“Anita”: il Management del dolore post-capitalistico (intervista)
Svisceriamo “Anita” con Luca Romagnoli evidenziando come sono cambiati i suoi testi nel tempo in relazione al mondo che lo circonda. L’amore, il dolore e una certa rassegnazione all’egemonia capitalistica diventano i nodi centrali degli ultimi lavori del Management
“Anita”, il nuovo singolo dei Management, si trasforma in un buon pretesto per chiedere un’intervista ad una delle band da cui negli anni, in maniera volontaria o meno, si sono ottenute grandi risposte e un’enorme motivazione per reagire ai problemi. Questa intervista, conclusa con un ironico: “Sei libera di farmi sembrare molto più intelligente di quello che sono”, viene consegnata nuda e cruda con la sua presentazione sincera della triste realtà dei fatti.
E la verità è che dagli inizi del 2000 ad oggi “Un mondo al veleno” ha trasformato un po’ tutto: le canzoni sono diventate cupe, l’incubo non è più stupendo ma reale, il sonno è interminabile, le domande delle intervistatrici diventano stucchevolmente esistenziali e le risposte degli artisti (pur rimanendo brillanti) diventano realisticamente pessimiste. “Anita” è un pezzo di “non lotta” che racconta la brutalità dell’oggi. Questa intervista è palesemente rassegnata al presente, brutta come la verità che, se sbattuta in faccia, diventa affascinante quanto un dialogo su un mondo idillico e speranzoso.
Com’è andando il tour?
Siamo in tour da quando è uscito il disco nuovo “Ansia capitale” quindi, se non ricordo male, da giugno dell’anno scorso e le date sono andate tutte davvero strabene, siamo super contenti. È finita quella storia dello star fermi, dello star chiusi e non abbiamo intenzione di fermarci più. Vogliamo recuperare il tempo perduto. Siamo un gruppo che live forse si esprime al meglio. Sul palco portiamo ulteriori punti di urgenza che a volte per scelte stilistiche non escono fuori dal disco. È uno scoprire qualcosa in più, un passaggio ulteriore.
Parliamo di “Anita”: nella spiegazione del brano avete descritto il profilo dei “cuori liberi” in relazione all’amore, ma hanno altre caratteristiche?

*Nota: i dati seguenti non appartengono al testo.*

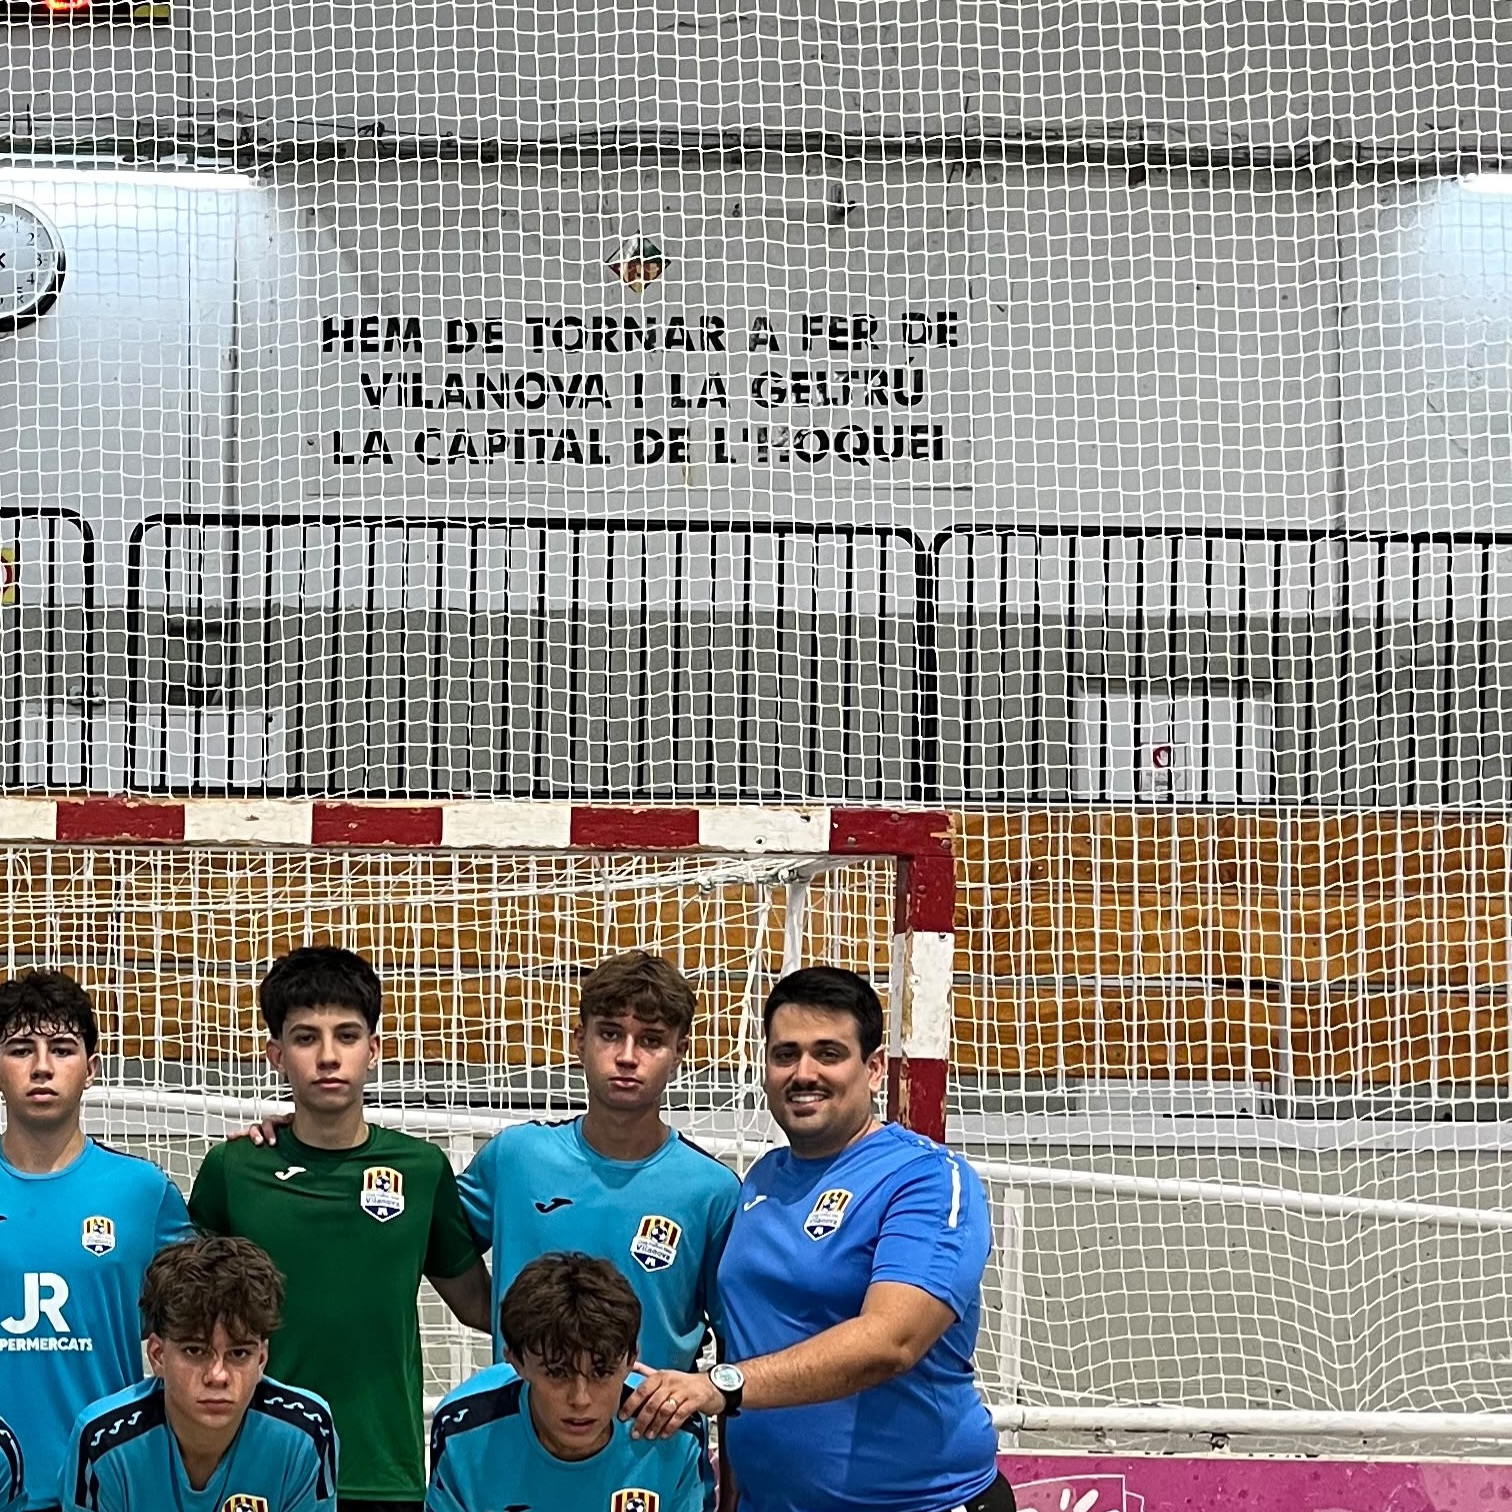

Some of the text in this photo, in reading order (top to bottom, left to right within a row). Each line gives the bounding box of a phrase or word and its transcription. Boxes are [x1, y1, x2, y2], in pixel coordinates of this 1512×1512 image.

Nella stessa pagina di presentazione che tu hai letto c’era un po’ la risposta a questa domanda. Il punto è proprio quello: i cuori liberi hanno un vantaggio poetico, quello di cui noi cerchiamo di parlare, che però è fatto anche di tanta sofferenza. Il cuore libero si ritrova sempre a fare delle cose controcorrente, a cercare un modo di amare che è tutto suo, che è sempre nuovo, che lo riempie sempre di nuove gioie.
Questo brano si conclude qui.